Philip Glass hat in seiner erstmals 1988 aufgeführten Oper die Atmosphäre der Ungewissheit und des unbestimmt fühlbaren Grauens von Poes Erzählung in Musik umzusetzen versucht. Das für seine Minimal Music charakteristische Kreisen der Töne in scheinbar immer gleichen Abfolgen lässt sich als Ausdruck für das Gefangensein der Ushers in ihrem Haus, in der Tradition, in ihren Wahnvorstellungen sehen. Dem in Kammermusik-Besetzung spielenden Gärtnerplatzorchester unter Leitung von Lukas Beikircher gelingt es an diesem Abend allerdings nicht immer, alle Nuancen der Musik zu erfassen. Stärker präsentieren sich die Sänger der drei zentralen Figuren: Gregor Dalal als William setzt seinen Bariton je nach Erfordernis mal zurückhaltend, mal kraftvoll ein. Harrie van der Plas entwirft mit ergreifend klagender Tenorstimme eine bewegende Studie des leidenden Roderick Usher. Zwischen die beiden drängt sich immer wieder die Madeline von Ella Tyran, die ihren Gesangspart, der nur aus Vokalisen besteht, mit großer Ausdrucksstärke gestaltet.

Neben den Hauptfiguren tummeln sich in Wagners Inszenierung aber auch noch weitere Gestalten auf der Bühne. Im Gothic-Fummel, wahlweise mit und ohne nacktem Oberkörper, bewegen sich sechs Tänzer ständig um das Riesenskelett herum. Dabei vollführen sie seltsame ruckartige Bewegungen mit Kopf und Händen oder auch mit dem ganzen Körper. Das Unverständliche dieser Choreographie ist gewollt, denn der Regisseur versucht mit ihr, den japanischen Butoh-Tanz in die Aufführung miteinzubeziehen. Bei dieser Form des Tanzes gibt es keine feste Form, sondern der Tänzer soll aus seinen Gefühlen und Seelenempfindungen heraus die angemessene Tanztechnik entwickeln. Das funktioniert im Gärtnerplatztheater jedoch nicht wirklich: Die Mitglieder des Extraballets, die diese Butoh-Bewegungen ausführen, wirken nicht wie Tänzer, die gerade das Innerste ihrer Seele ausbreiten, sondern eher wie desorientierte Zombies.

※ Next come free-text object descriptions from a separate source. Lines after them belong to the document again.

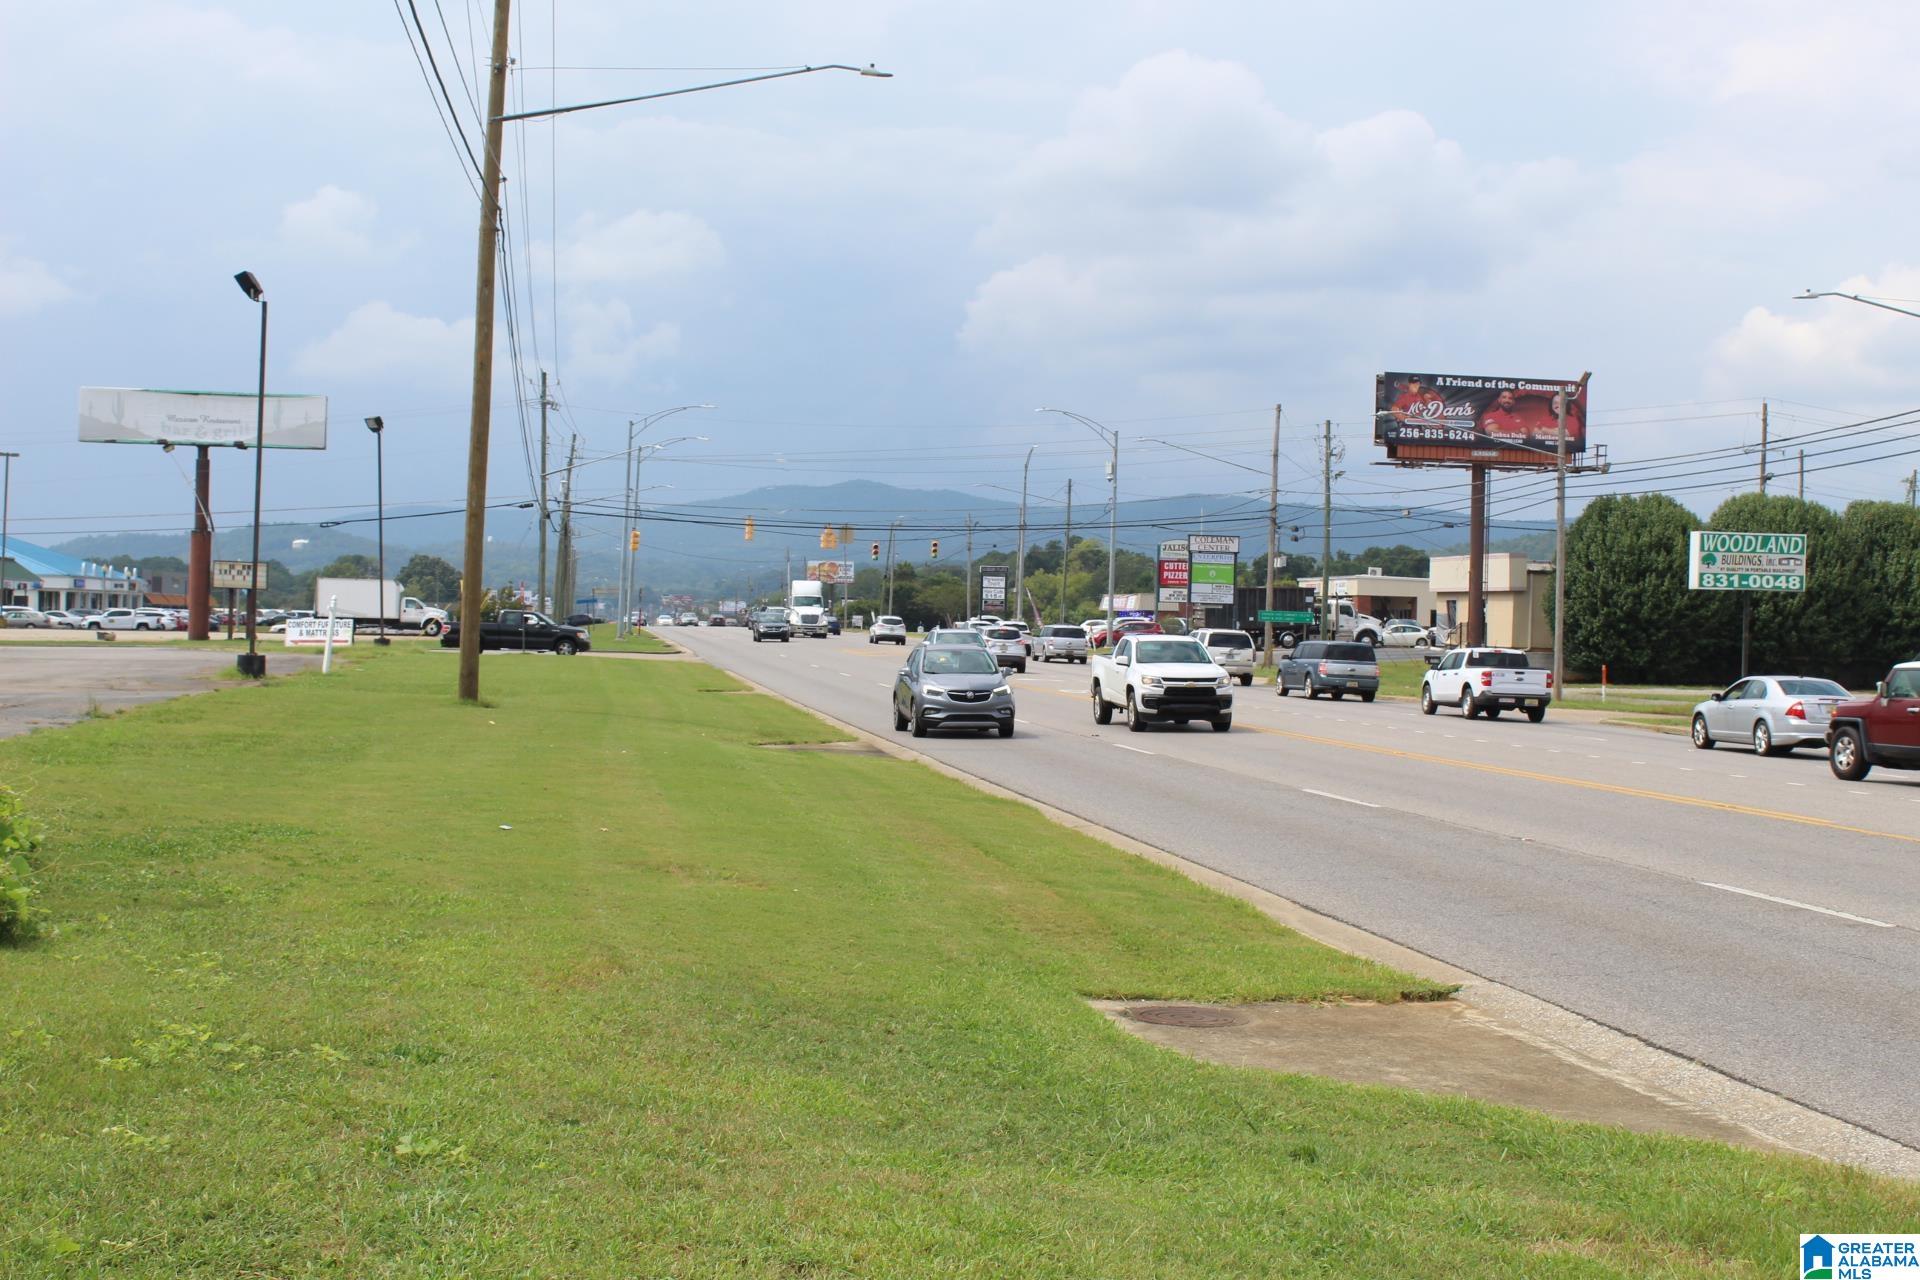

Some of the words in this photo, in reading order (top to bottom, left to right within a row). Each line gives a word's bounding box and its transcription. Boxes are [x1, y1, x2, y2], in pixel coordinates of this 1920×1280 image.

[1436, 377, 1444, 386] A
[1446, 378, 1482, 388] Friend
[1485, 380, 1496, 389] of
[1498, 381, 1516, 389] the
[1518, 382, 1577, 393] Commuit
[1400, 427, 1475, 441] 256-835-6244
[1194, 535, 1235, 545] COLEMAN
[1702, 534, 1802, 554] WOODLAND
[1197, 544, 1231, 552] CENTER
[1163, 571, 1188, 579] PIZZER
[1702, 574, 1801, 590] 831-0048
[288, 621, 317, 629] COMFORT
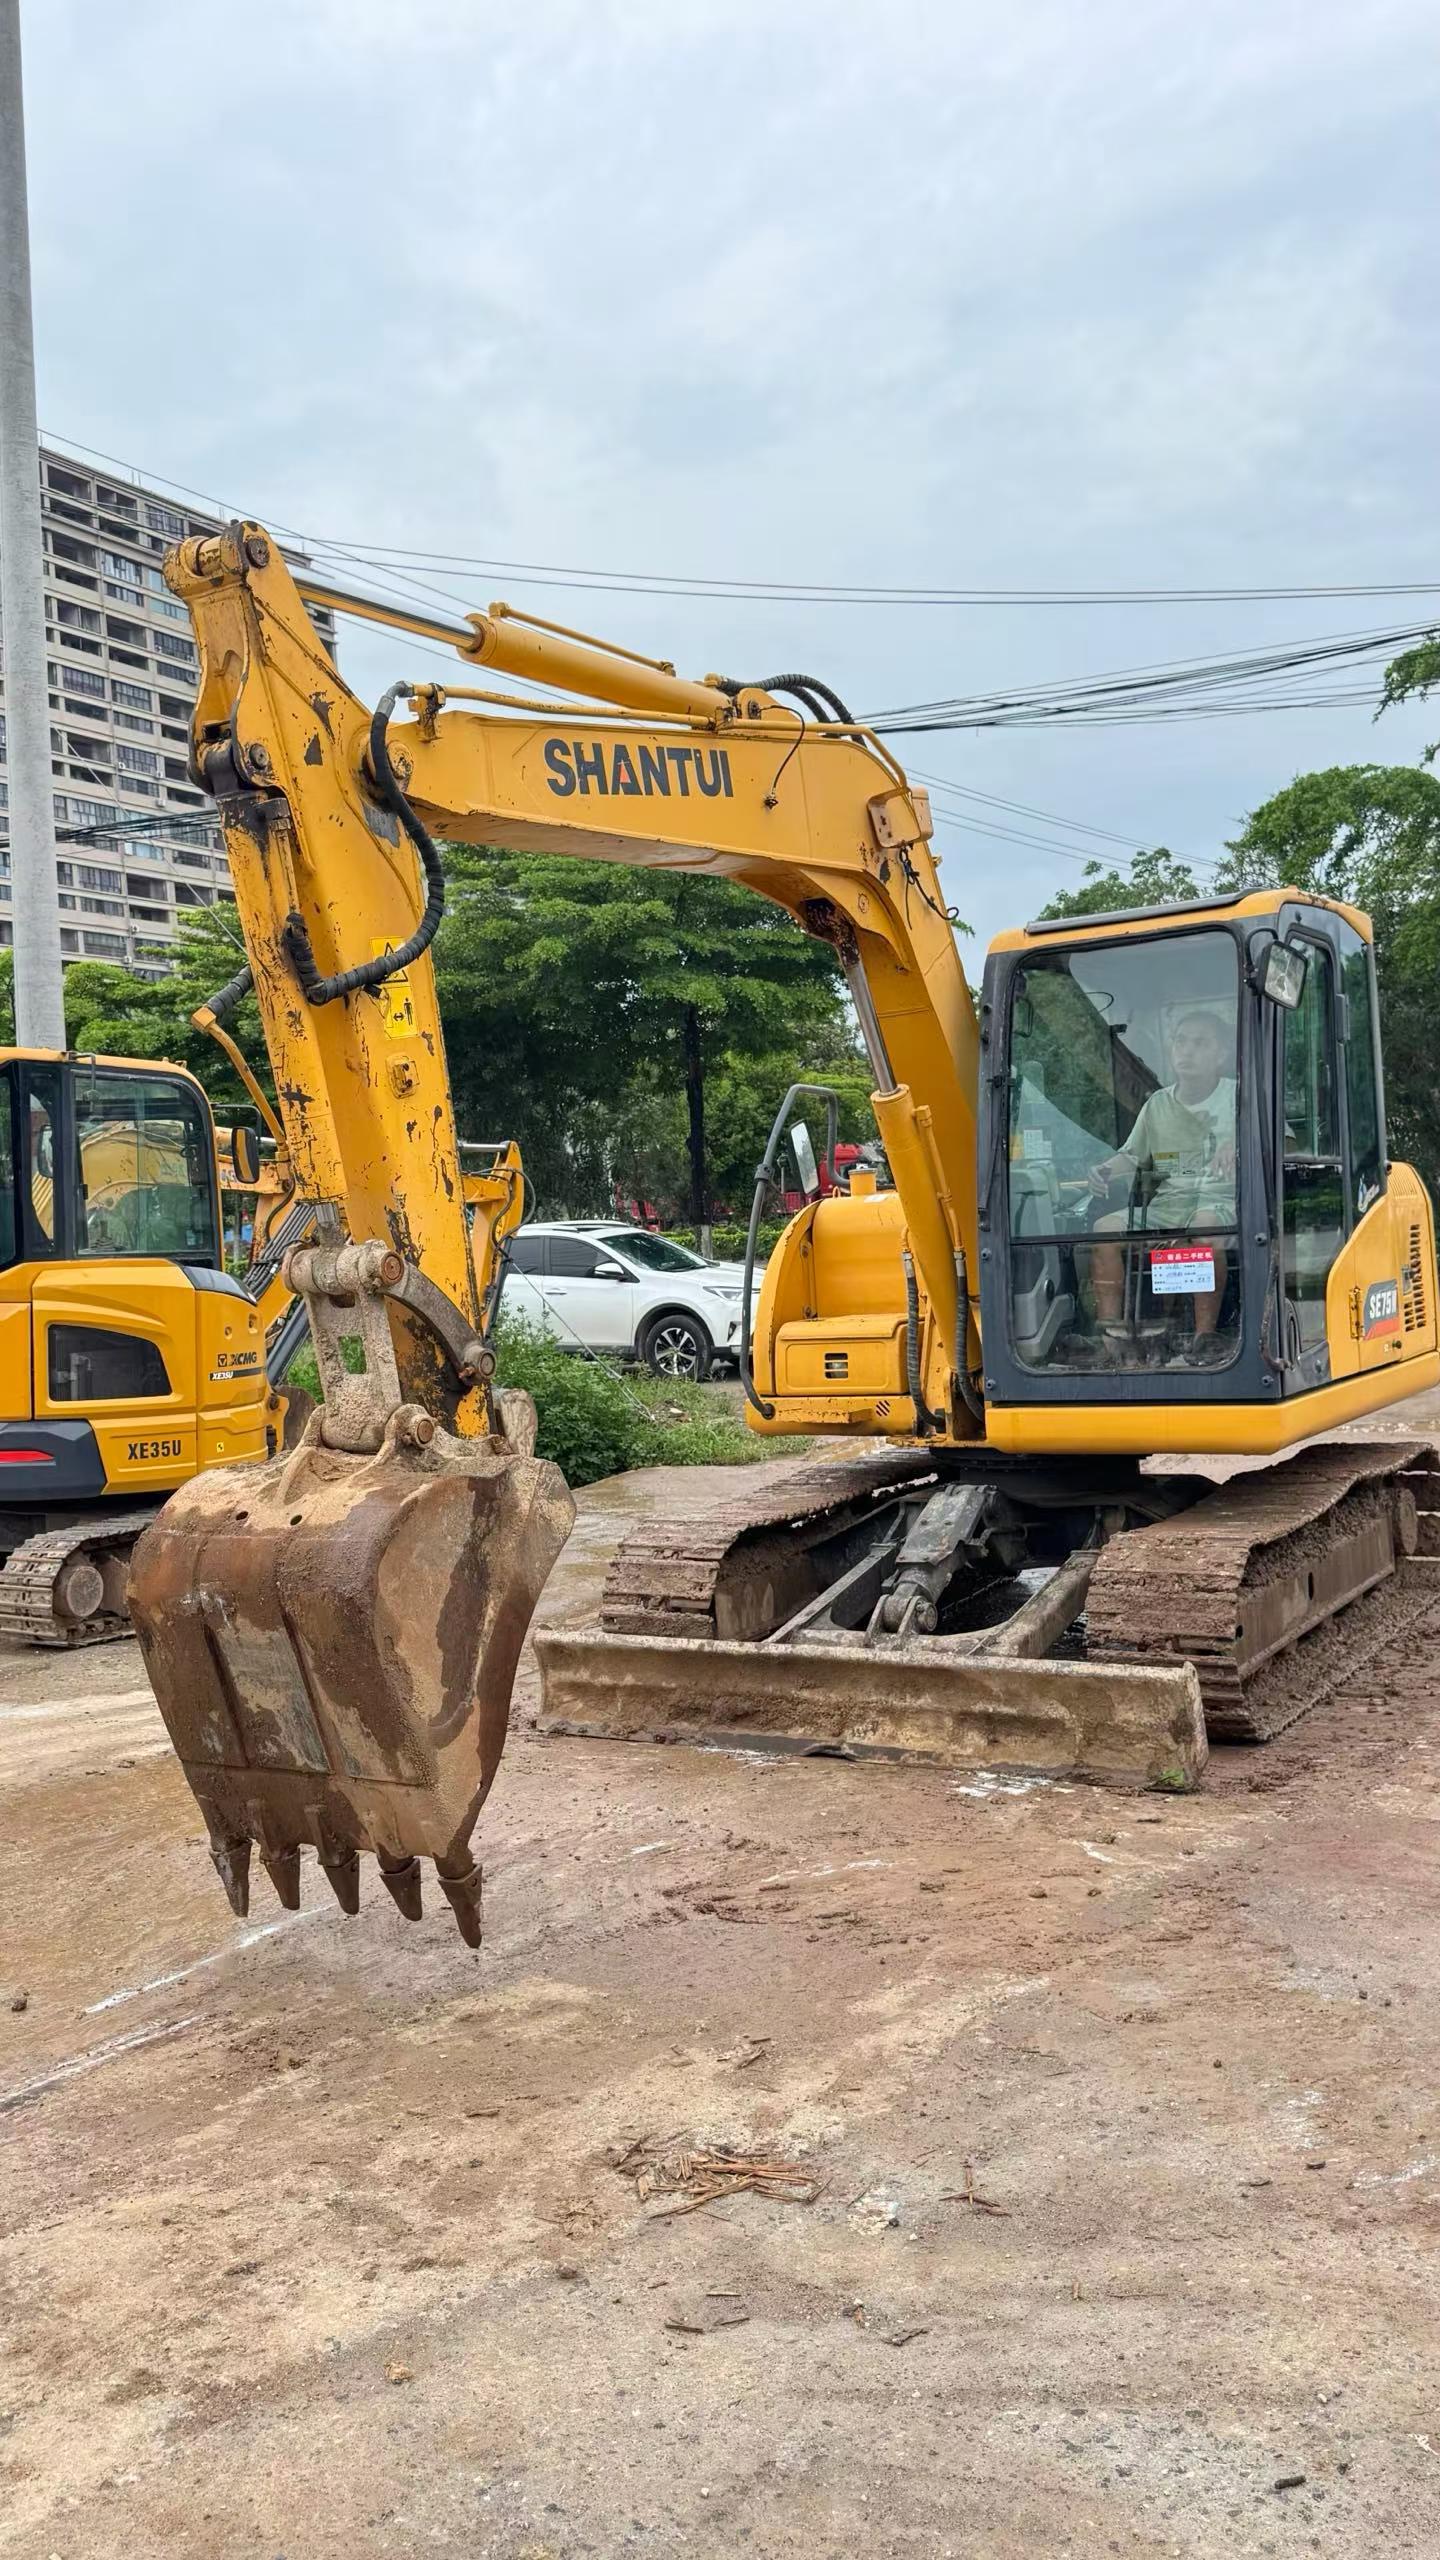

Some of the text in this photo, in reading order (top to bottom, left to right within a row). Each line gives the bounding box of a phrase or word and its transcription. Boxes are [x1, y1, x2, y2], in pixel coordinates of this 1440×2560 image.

Die Folge ist, dass die durch Bühnenbild und Sänger geschaffene Atmosphäre nicht lange erhalten bleibt. Als weiteres Problem erweist sich die Handlungsarmut von Poes Erzählung, die weder Arthur Yorkins’ Libretto der Oper noch Carlos Wagner in seiner Inszenierung wesentlich erweitert haben. Wagner beschränkt sich darauf, die Pausen zwischen den Handlungsstationen mit einem Dauereinsatz der Drehbühne aufzufüllen. Das bietet dem Zuschauer zwar reichlich Gelegenheit, das Bühnenbild ausführlich von allen Seiten zu betrachten, hat aber keinen darüber hinausgehenden Erkenntniswert. So breitet sich Langeweile aus und der Abend schleppt sich dahin bis zu einem enttäuschend fantasielosen Ende. Wo Poe das Haus der Ushers unter Krachen und Bersten in sich zusammenstürzen lässt, versinkt es bei Wagner leise und unspektakulär im Bühnenboden. Marius Nobach

Die nächsten Aufführungen: 18. und 27. Mai, 7. und 19. Juni sowie 9., 17. und 24. Juli 2011.